Task prompt:
Repeat all the data exactly, and where a record holds a picture, leave that picture out.

Image-backed grounding data
┏━━

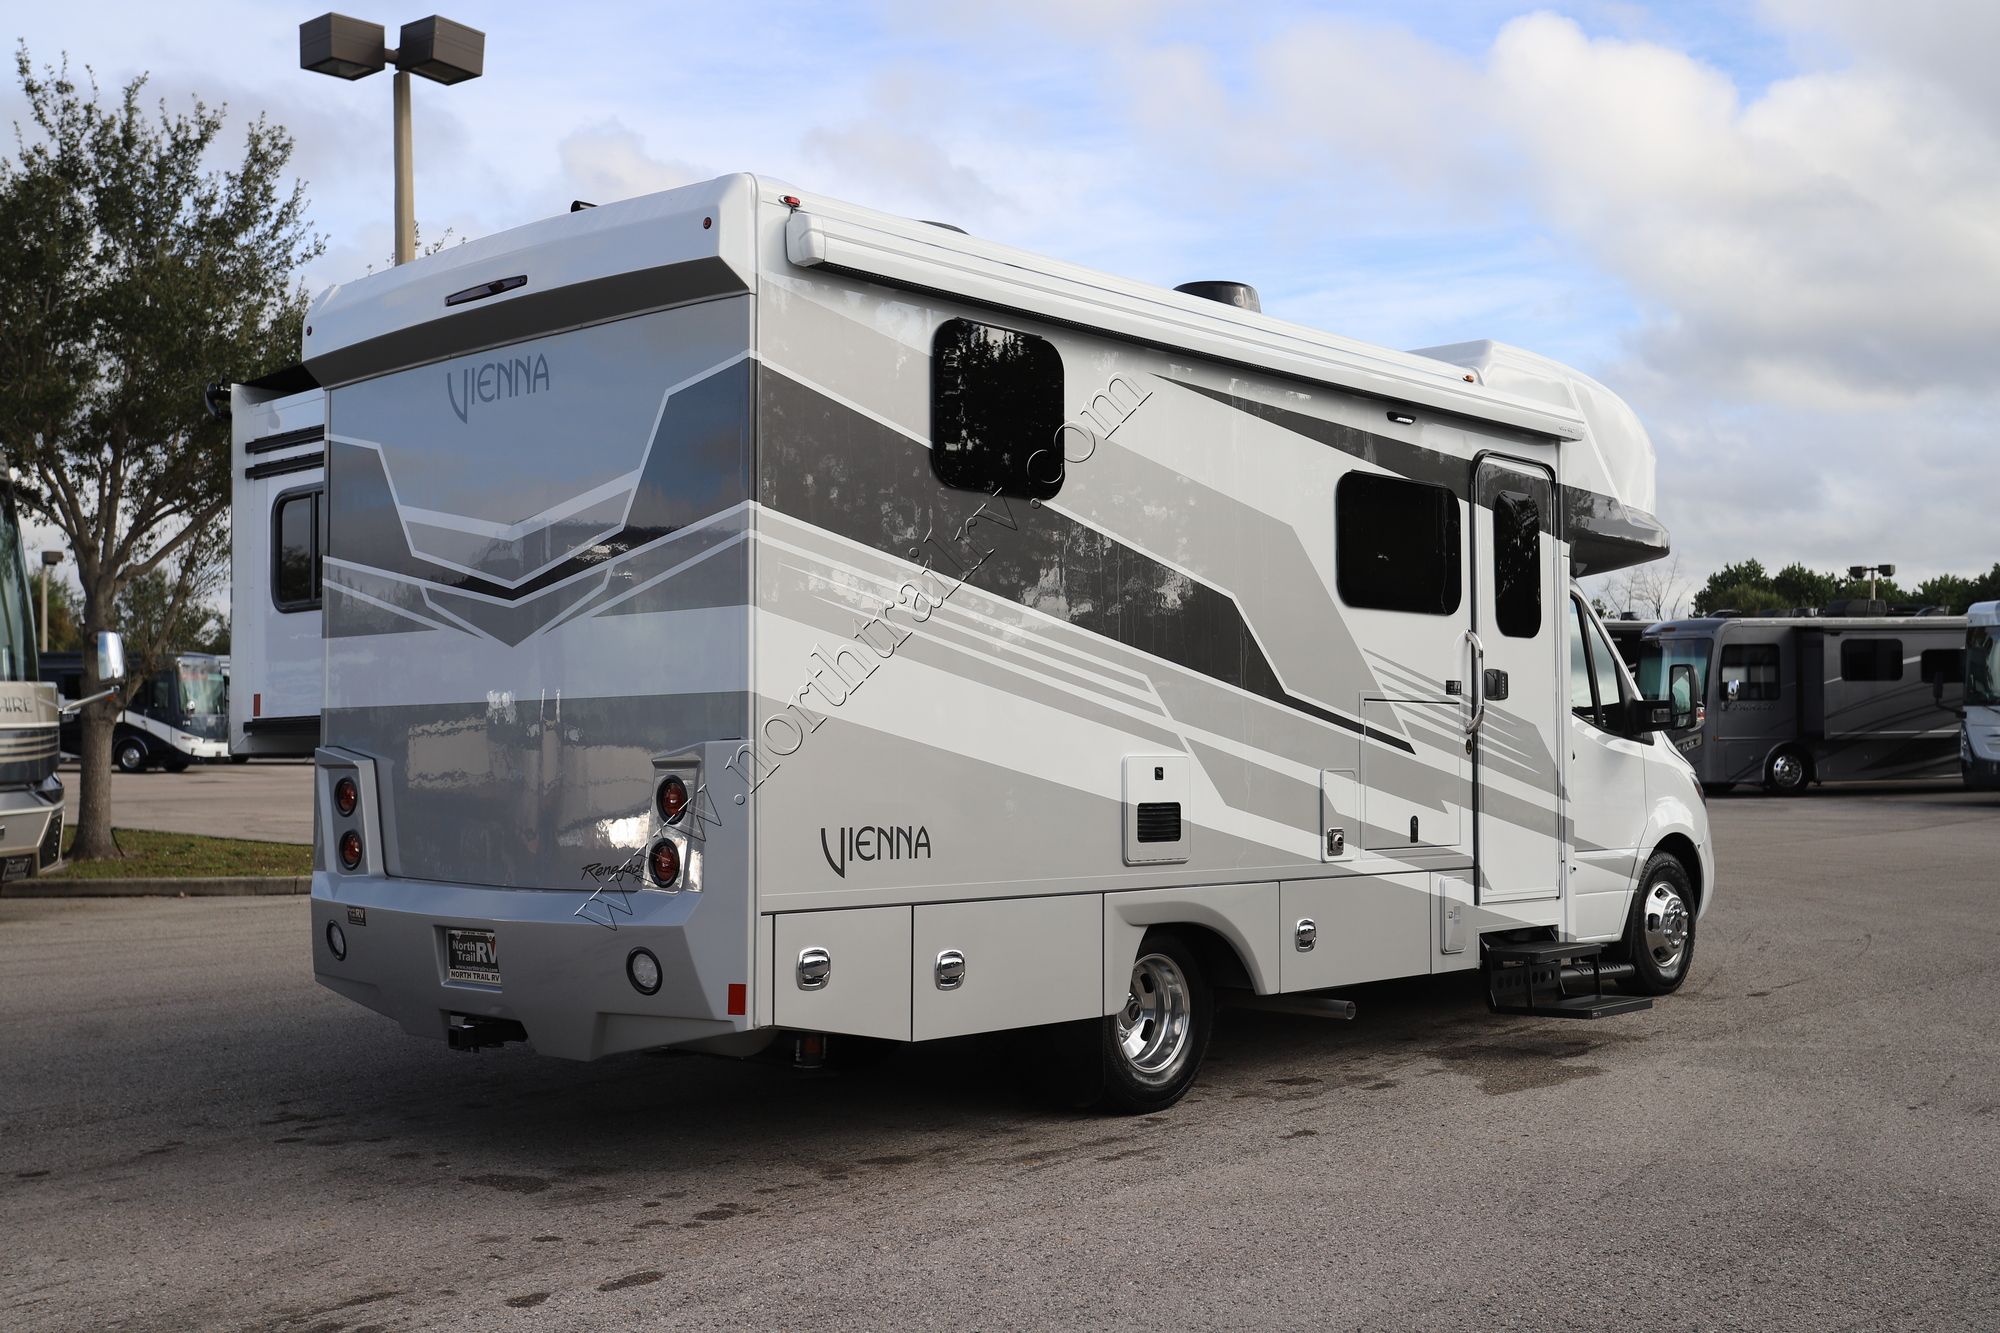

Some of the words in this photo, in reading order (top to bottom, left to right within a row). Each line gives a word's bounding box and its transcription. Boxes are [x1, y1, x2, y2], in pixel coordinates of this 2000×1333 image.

[447, 353, 550, 424] VIENNA
[820, 825, 931, 879] VIENNA
[452, 940, 476, 951] North
[476, 942, 497, 963] RV
[457, 951, 476, 962] Trail
[451, 971, 471, 979] NORTH
[472, 973, 490, 981] TRAIL
[491, 974, 500, 982] RV
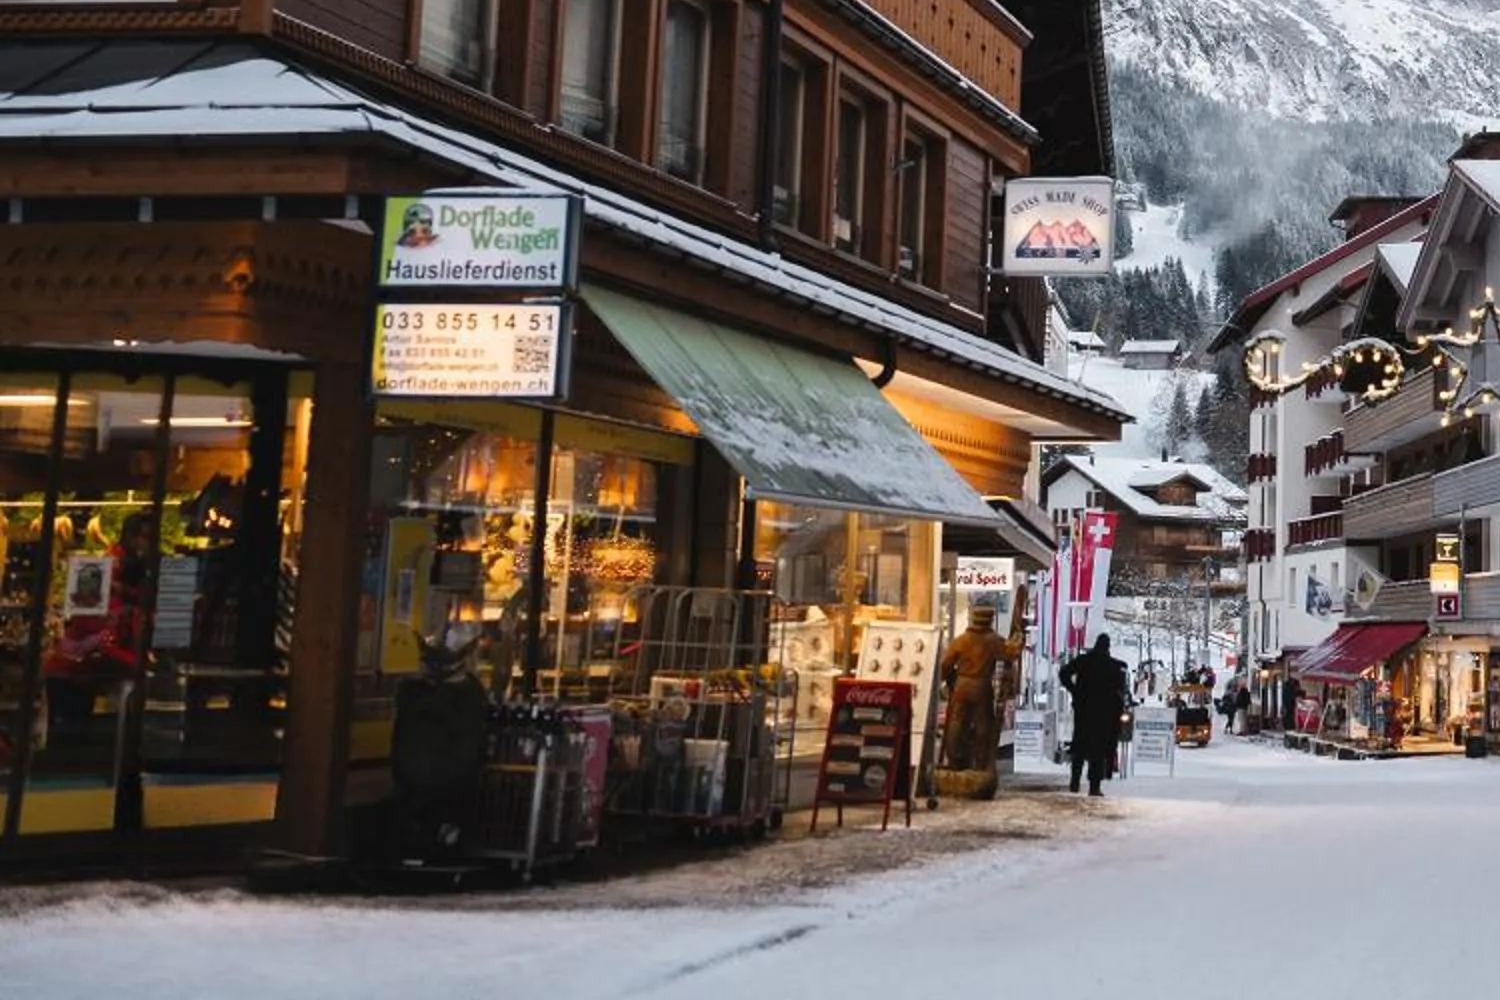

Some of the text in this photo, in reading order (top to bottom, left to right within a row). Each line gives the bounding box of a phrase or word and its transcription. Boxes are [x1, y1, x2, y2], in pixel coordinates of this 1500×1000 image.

[440, 205, 535, 228] Dorflade
[471, 228, 560, 254] Wengen
[386, 259, 557, 280] Hauslieferdienst
[383, 312, 554, 331] 033 855 14 51
[975, 571, 1007, 587] Sport

┗━━

Answer section:
Some of the words in this photo, in reading order (top to bottom, left to right within a row). Each line gives a word's bounding box and its transcription. Boxes are [x1, y1, x2, y2], in pixel coordinates of this 2000×1333 image.

[447, 353, 550, 424] VIENNA
[820, 825, 931, 879] VIENNA
[452, 940, 476, 951] North
[476, 942, 497, 963] RV
[457, 951, 476, 962] Trail
[451, 971, 471, 979] NORTH
[472, 973, 490, 981] TRAIL
[491, 974, 500, 982] RV

Some of the text in this photo, in reading order (top to bottom, left to right within a row). Each line gives the bounding box of a phrase or word and its transcription. Boxes are [x1, y1, x2, y2], in pixel coordinates of this 1500×1000 image.

[440, 205, 535, 228] Dorflade
[471, 228, 560, 254] Wengen
[386, 259, 557, 280] Hauslieferdienst
[383, 312, 554, 331] 033 855 14 51
[975, 571, 1007, 587] Sport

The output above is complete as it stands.